**Task prompt**
Keep the images out while you set down the data exactly.

Images for object localization

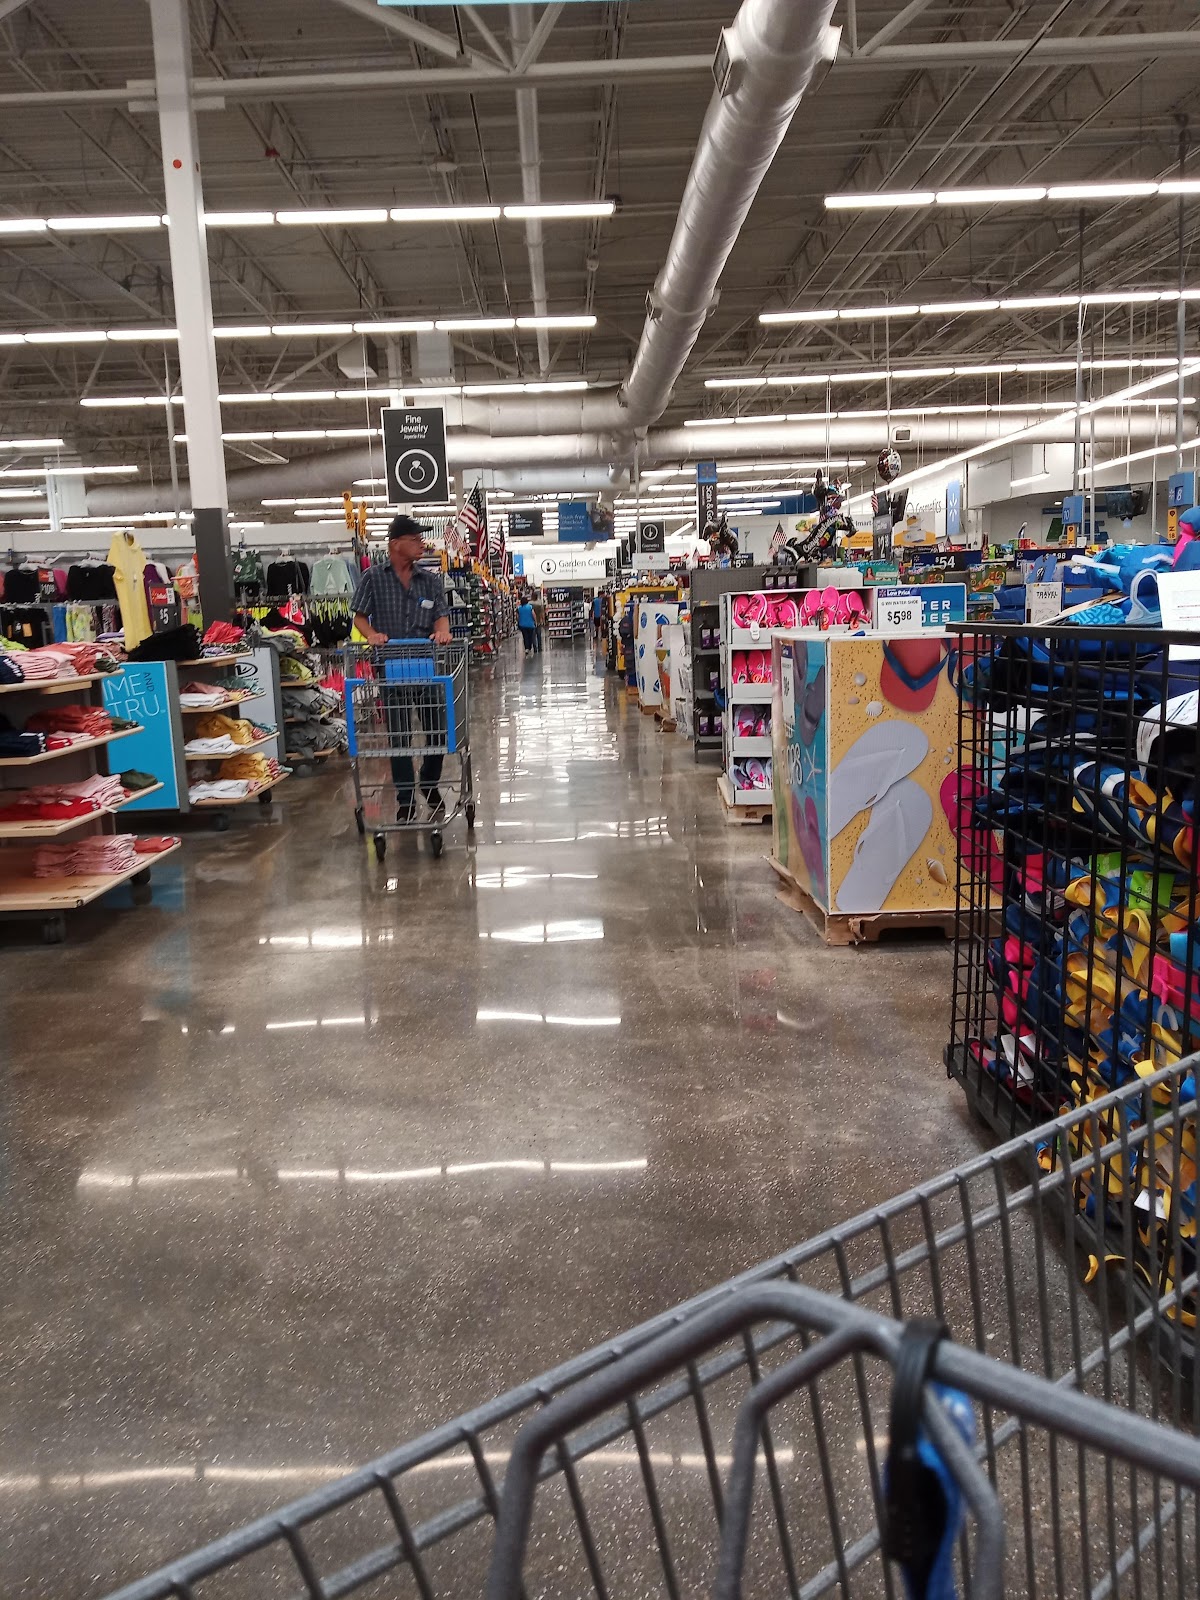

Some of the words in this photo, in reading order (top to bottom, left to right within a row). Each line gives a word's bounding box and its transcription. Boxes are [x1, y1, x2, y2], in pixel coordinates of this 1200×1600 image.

[405, 414, 422, 424] Fine
[399, 423, 429, 435] Jewelry
[706, 485, 714, 503] Scan
[1176, 488, 1183, 501] 8
[558, 558, 587, 568] Garden
[935, 555, 956, 570] $54
[160, 608, 169, 625] $5
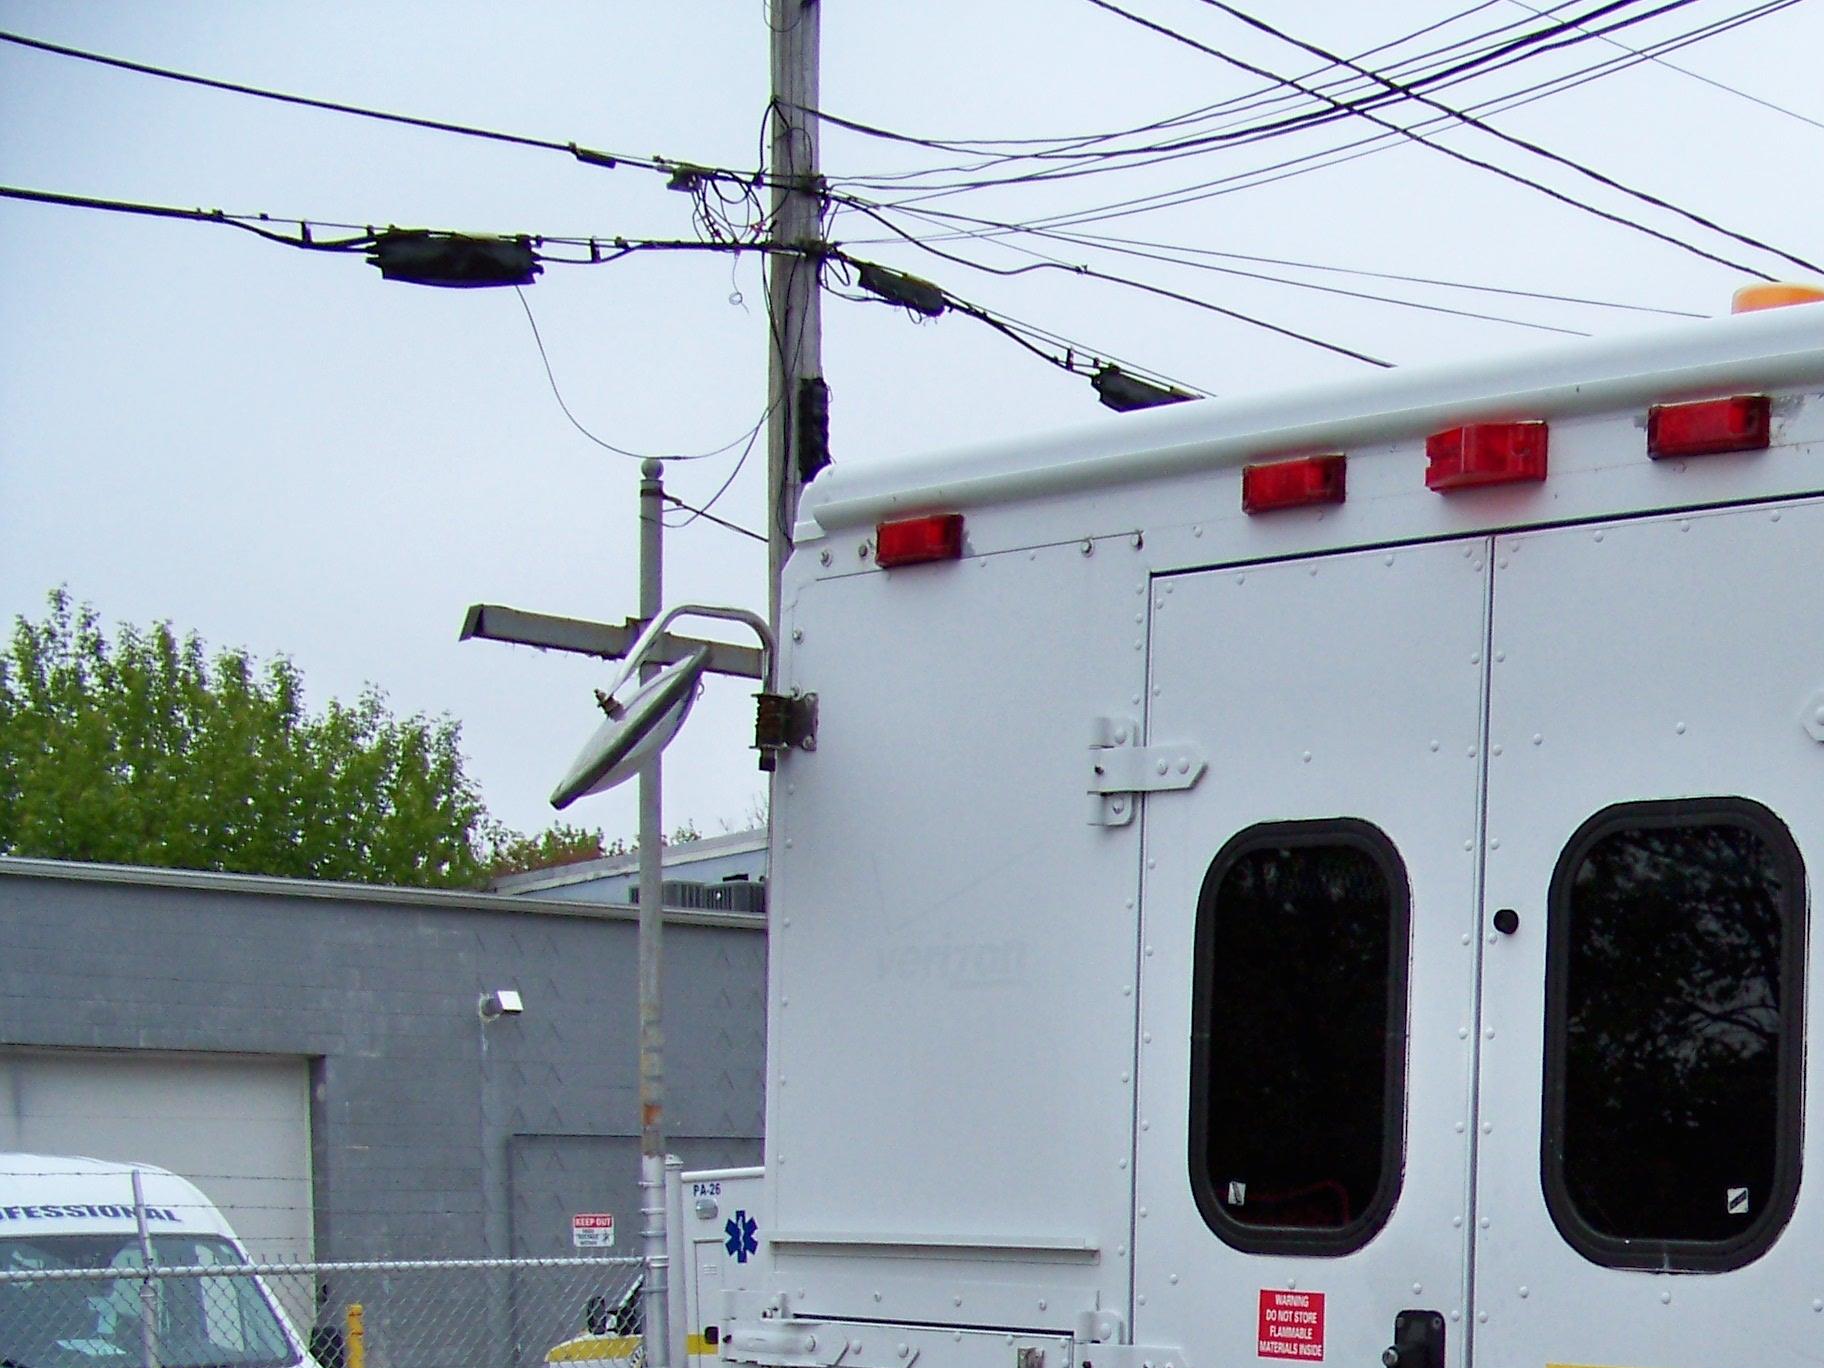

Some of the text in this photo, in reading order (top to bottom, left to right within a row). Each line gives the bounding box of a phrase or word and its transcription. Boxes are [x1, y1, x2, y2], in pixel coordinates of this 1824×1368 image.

[693, 1183, 721, 1197] PA-26
[575, 1217, 611, 1227] KEEP OUT
[1275, 1294, 1309, 1307] WARNING
[1266, 1309, 1317, 1324] DO NOT STORE
[1270, 1325, 1312, 1339] FLAMMABLE
[1260, 1341, 1322, 1356] MATERIALS INSIDE

**Completed exercise**
Some of the words in this photo, in reading order (top to bottom, left to right within a row). Each line gives a word's bounding box and its transcription. Boxes are [x1, y1, x2, y2], in pixel coordinates of this 1200×1600 image.

[405, 414, 422, 424] Fine
[399, 423, 429, 435] Jewelry
[706, 485, 714, 503] Scan
[1176, 488, 1183, 501] 8
[558, 558, 587, 568] Garden
[935, 555, 956, 570] $54
[160, 608, 169, 625] $5

Some of the text in this photo, in reading order (top to bottom, left to right within a row). Each line gives the bounding box of a phrase or word and its transcription. Boxes are [x1, y1, x2, y2], in pixel coordinates of this 1824×1368 image.

[693, 1183, 721, 1197] PA-26
[575, 1217, 611, 1227] KEEP OUT
[1275, 1294, 1309, 1307] WARNING
[1266, 1309, 1317, 1324] DO NOT STORE
[1270, 1325, 1312, 1339] FLAMMABLE
[1260, 1341, 1322, 1356] MATERIALS INSIDE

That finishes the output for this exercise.